400 μl 10% aluminum potassium sulfate with or without 100 μg of (4-hydroxy-3-nitrophenyl) acetyl (NP) coupled to chicken gamma globulin (NP-CGG; Biosearch Technologies, Inc.) was precipitated by adjusting pH to 6.2 with 1 N potassium hydroxide; the alum precipitates were washed in PBS three times and injected intraperitoneally. CFA (Sigma-Aldrich) was mixed with an equal volume of PBS, and 200 μl was injected intraperitoneally.

Plasmodium yoelii (17X NL strain) was maintained by alternating cyclic passage of the parasites in Anopheles stephensi mosquitoes and BALB/c mice.
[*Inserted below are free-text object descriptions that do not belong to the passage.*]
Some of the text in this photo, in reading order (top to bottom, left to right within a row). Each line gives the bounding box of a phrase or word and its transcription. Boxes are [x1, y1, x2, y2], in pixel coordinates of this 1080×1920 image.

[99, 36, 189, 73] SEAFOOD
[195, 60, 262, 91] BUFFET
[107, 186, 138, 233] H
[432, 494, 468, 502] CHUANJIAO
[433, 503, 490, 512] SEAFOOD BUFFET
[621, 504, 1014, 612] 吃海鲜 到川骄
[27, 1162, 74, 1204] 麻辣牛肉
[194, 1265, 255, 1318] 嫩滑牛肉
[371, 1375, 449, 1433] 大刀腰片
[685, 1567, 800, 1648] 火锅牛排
Before infecting B6 mice, parasites were passed in this strain by injecting the mice with parasite-infected BALB/c red blood cells (PRBCs). For experimental infections in B6 mice, 1 × 10³ PRBCs obtained from B6 mice were injected intraperitoneally, and parasitemia was determined by microscopic examination of Giemsa-stained thin blood smears 15.
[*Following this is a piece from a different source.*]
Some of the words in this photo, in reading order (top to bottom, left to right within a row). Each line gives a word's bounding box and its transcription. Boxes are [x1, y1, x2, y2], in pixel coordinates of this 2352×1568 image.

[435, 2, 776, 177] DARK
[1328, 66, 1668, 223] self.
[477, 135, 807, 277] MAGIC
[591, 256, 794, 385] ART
Adoptive transfer was performed as described 10. 2–4 × 10⁷ splenocytes from wild-type B6 or RAG2-GFP ([FVB/N × B6]F1) mice were transferred by intravenous injection into B6 RAG1^−/− recipients.
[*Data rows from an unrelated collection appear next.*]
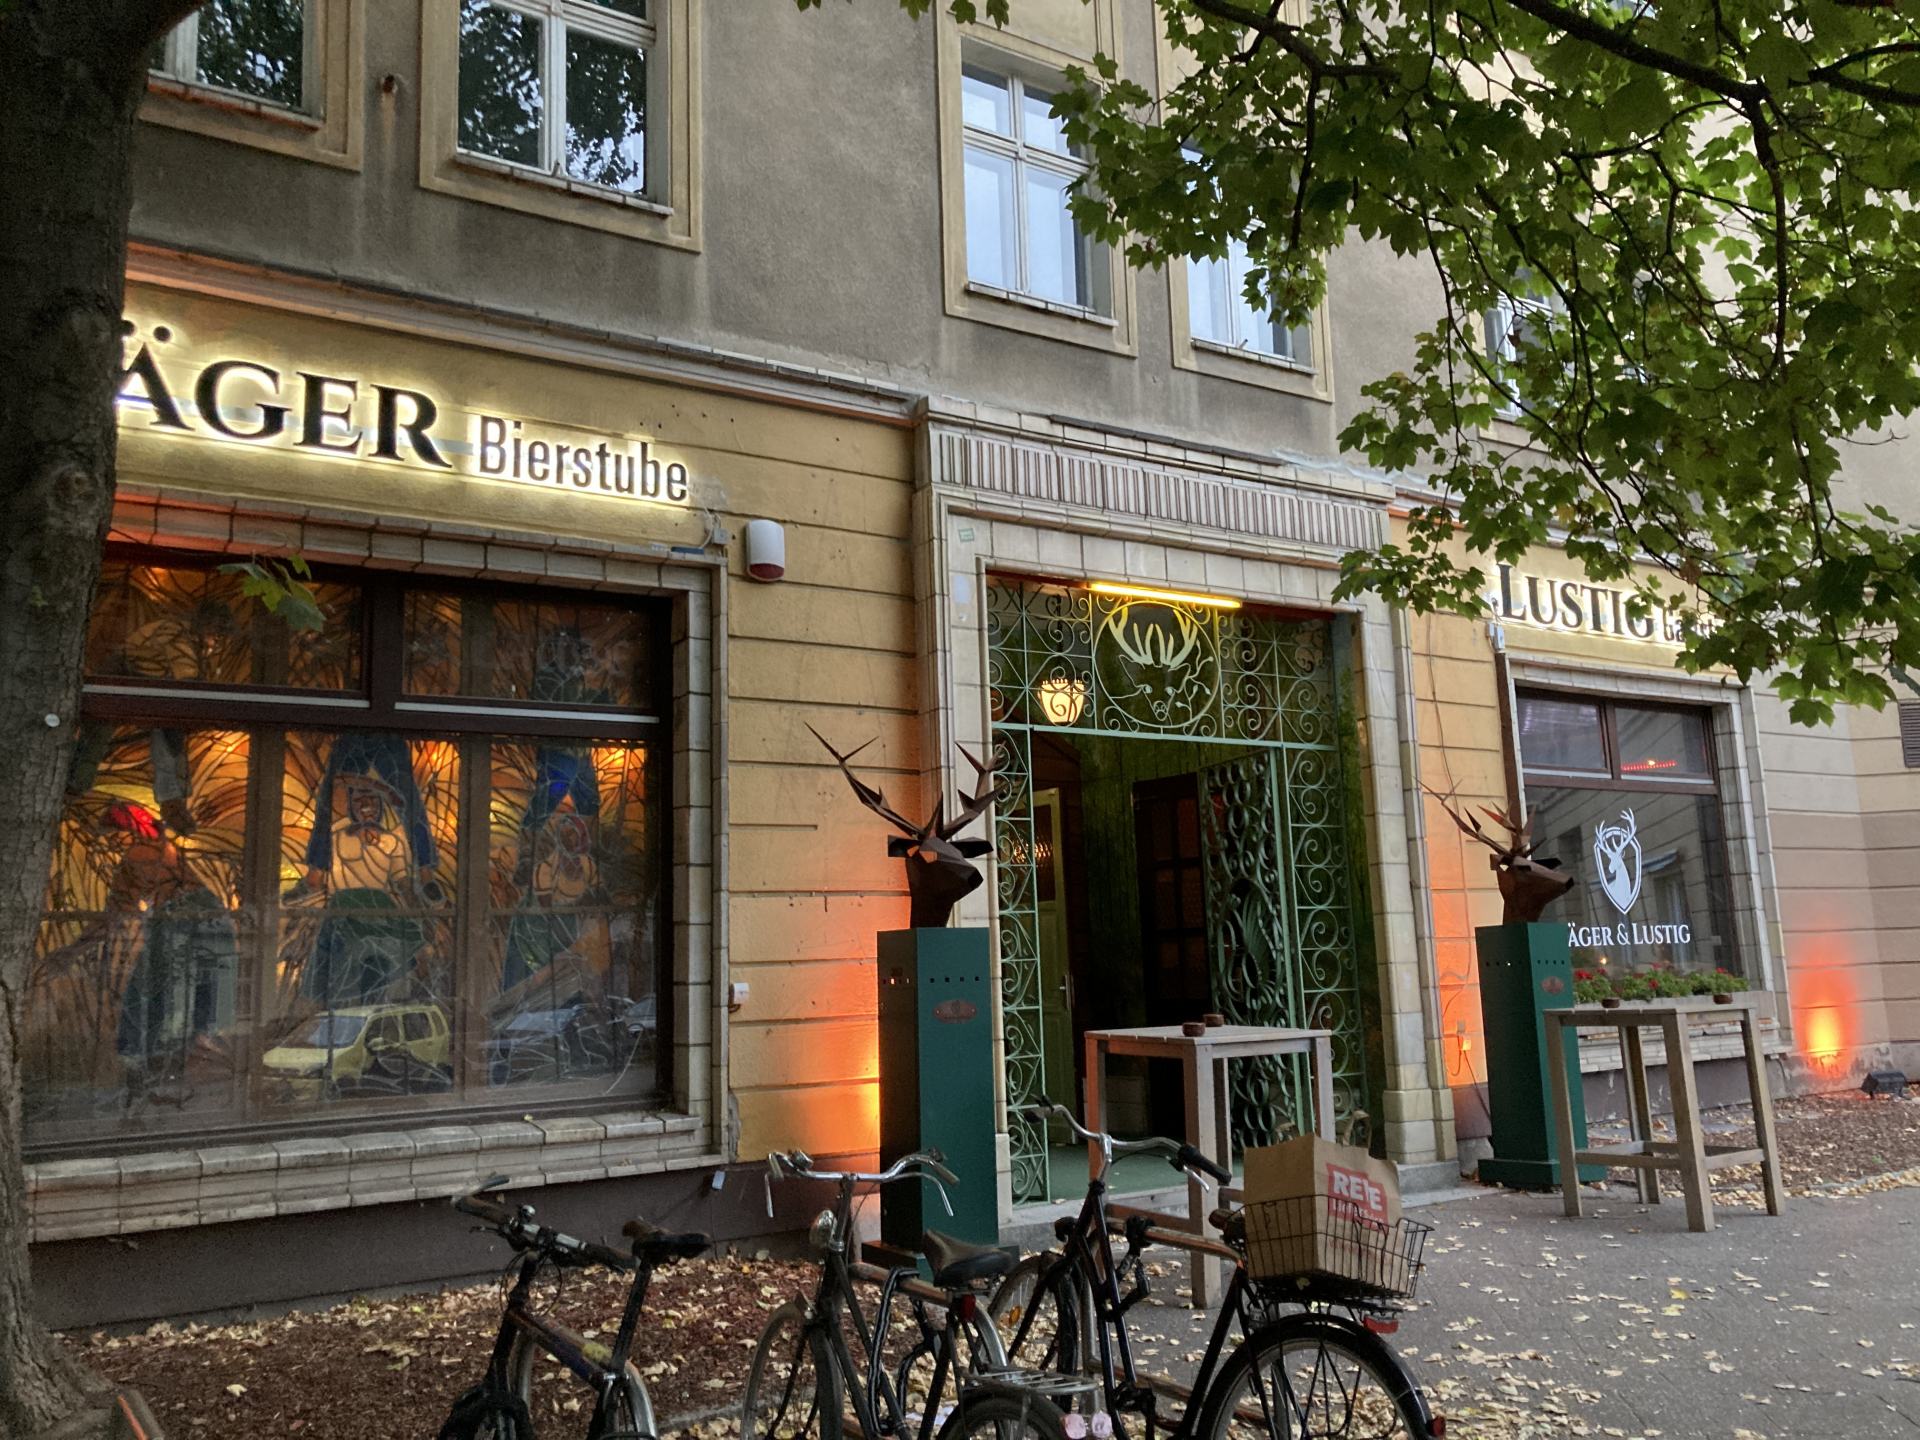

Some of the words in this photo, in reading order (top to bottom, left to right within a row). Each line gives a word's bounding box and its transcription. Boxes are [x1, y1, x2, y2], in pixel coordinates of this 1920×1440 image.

[116, 319, 453, 468] ÄGER
[480, 415, 688, 502] Bierstube
[1498, 564, 1655, 638] LUSTIG
[1567, 922, 1615, 948] ÄGER
[1616, 922, 1631, 946] &
[1631, 922, 1691, 945] LUSTIG
The following anti–mouse antibodies were used: biotin, PE, or allophycocyanin (APC) anti-B220 (RA3-6B2); biotin or FITC anti-CD43 (S7); biotin or PE anti–heat-stable antigen (HSA) (M1/69); biotin anti-IgM (R6-60.2); biotin anti-Igλ1λ2 (R26-46); biotin anti-Igκ (R5-250); GL7; biotin anti-CD4 (H129.19); APC anti-CD8 (Ly-2); PE anti-Fas (Jo2); biotin anti–Ly-6G (RB6-8C5); PE DX5; FITC annexin V; and FcBlock (2.4G2) (all from BD PharMingen). Biotinylated antibodies were visualized with streptavidin–Red 613 (GIBCO BRL) or streptavidin-PerCP (Becton Dickinson). GL7 was visualized using PE- or biotin-labeled mouse anti–rat IgM. For DNA staining, cells were suspended in 20 μM Hoechst 33342 (Molecular Probes)/2% fetal bovine serum/PBS and incubated at 37°C for 40 min. Data were acquired with a FACSCalibur™ or FACS Vantage™ (Becton Dickinson) and analyzed with CELLQuest™ software (Becton Dickinson). Nucleated lymphocytes were electronically gated on forward and side scatter; for DNA analysis, doublets were excluded by area and width of FL-5 signal pulses. For RNA analysis, spleen cells stained with anti-B220, anti-HSA, and anti-IgM antibodies and fractions of cells (1–2 × 10⁵) were sorted directly into TRIzol LS (GIBCO BRL).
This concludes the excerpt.